Prince Charles’ think-tank, A4S or “The Prince's Accounting For Sustainability Project”, recently published an insightful new report called “Future Proofed Decision Making” critiquing the state of CSR. A4S found that firms were not “Future Proofing” rapidly enough - that is to say they were not turning CSR into a principal business activity such as finance, accounting, administration and strategic decision-making processes. A4S is interested in encouraging CSR advocates to better communicate with industry about how to understand the environment's financial value and role in their business operations.
The report surveyed “board members and senior management” and discovered that senior staff could not articulate specific ways in which sustainability was integrated into managerial decision making. This means investment choices, fiscal analysis, expansion decisions, hiring & firing, etc; the mundane but critical decisions that actually run a business were not considered in the context of CSR. The report goes on to express concern that environmental issues continue to be relegated to a marketing or foundation-related CSR division, which is superfluous and tangential to the firm’s core business.
As a CSR advocate, this was troubling to read but also felt completely correct. CSR seems to have plateaued. More firms than ever have sustainability programs and publish assessments of their impact, but still continue to be operationally destructive with no intention of changing the way they do business. Greenwashing and similar discord is an example of a symptom that CSR not being considered as anything more than PR.

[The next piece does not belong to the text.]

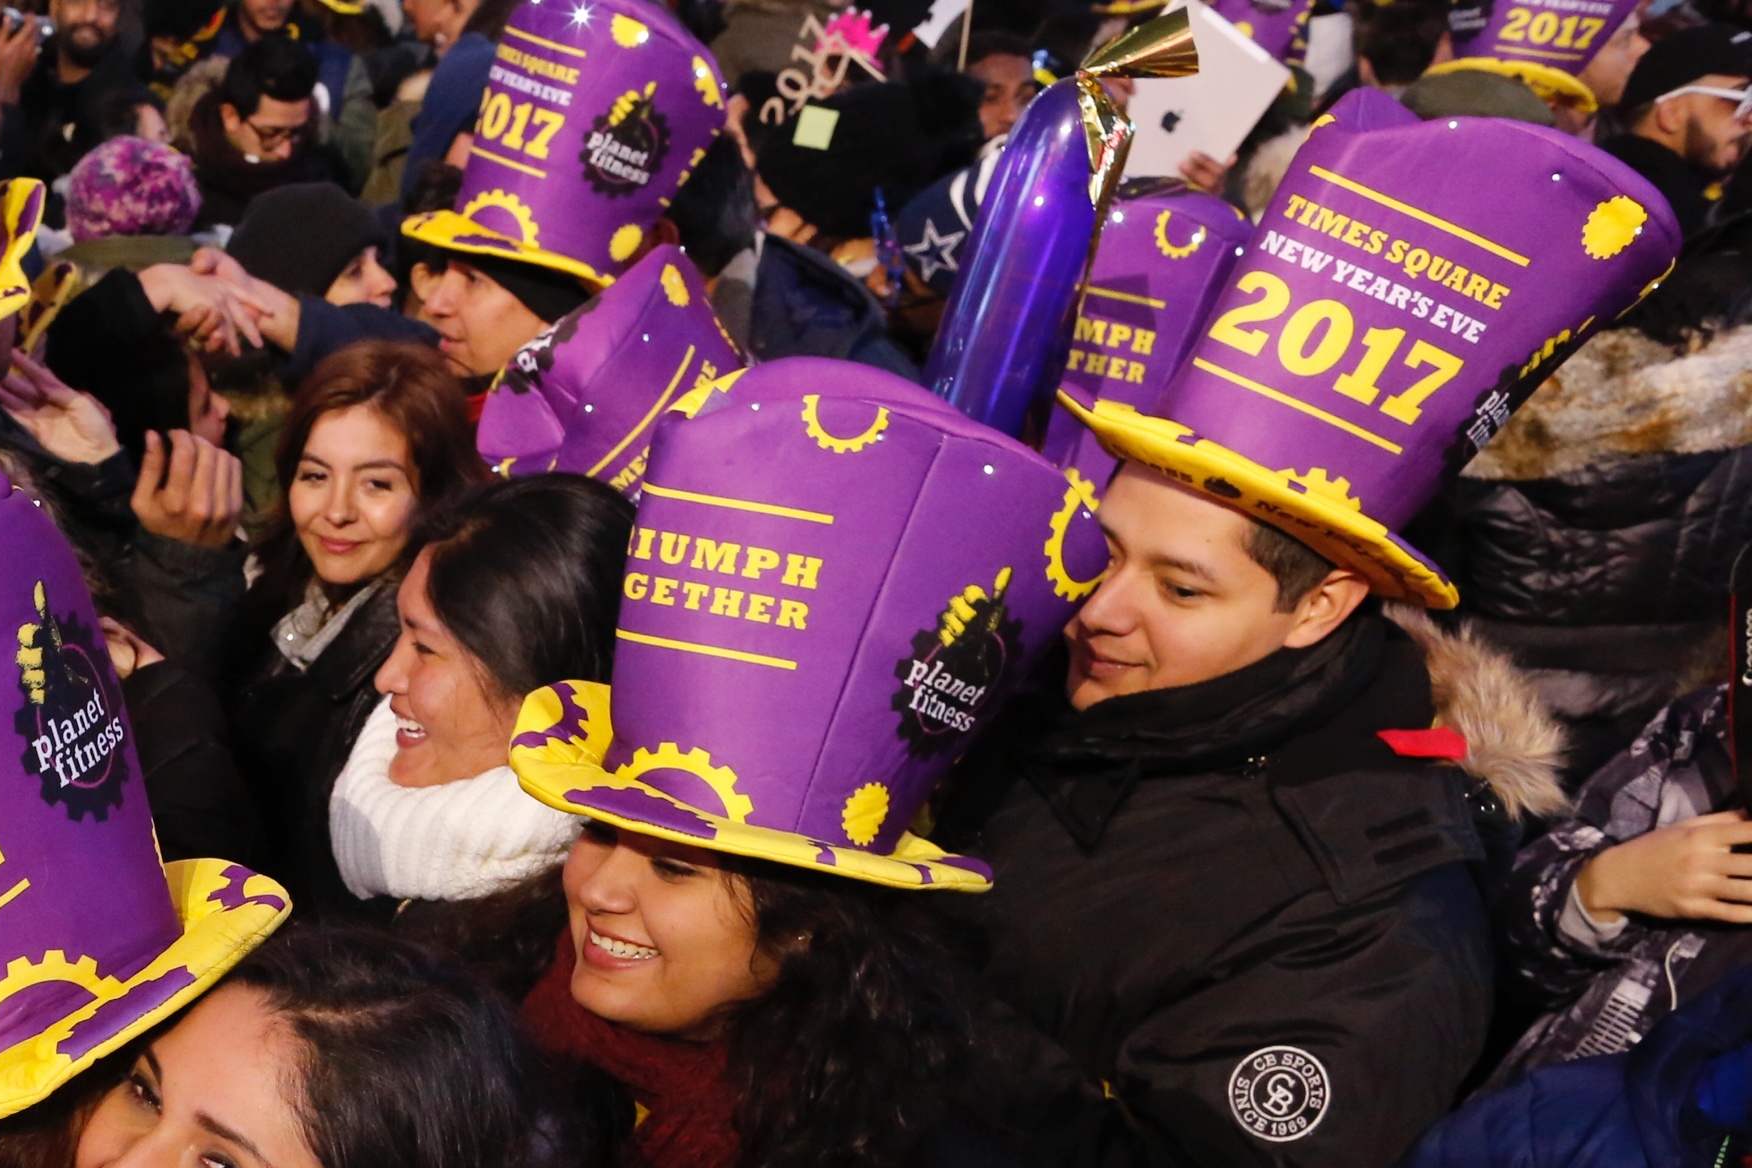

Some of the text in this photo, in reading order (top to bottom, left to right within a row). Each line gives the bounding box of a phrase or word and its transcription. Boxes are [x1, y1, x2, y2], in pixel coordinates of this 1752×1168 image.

How can firms tie corporate responsibility to value throughout divisions? An example the report gives is Puma’s environmental ‘profit and loss’ statement, which analyzed the financial impact of raw materials used in Puma’s supply chain. Annual sustainability reports are a good step towards Puma-style ‘environmental accounting’, but A4S wants firms to translate the contents of CSR reports into a format that is accessible to managers, not just stakeholders. Explaining CSR in “business-friendly” language means using numbers; profit and loss statements are universally understood in business. In this way, financial statements that integrate CSR information may serve as a Rosetta Stone for CSR advocates communicating more successfully with C-level staff and board-members.
I admit that I was skeptical about A4S when I read about its founding a few years ago. However, the Future-Proof report is quite worthwhile, and the rest of its work is also notable. In Future Proof, A4S has succeeded in challenging CSR advocates to present CSR in the form of financial data that is accessible to analysts, CFOs and board members alike—a level of quantitative demand that the NGO based CSR community may have to adapt to.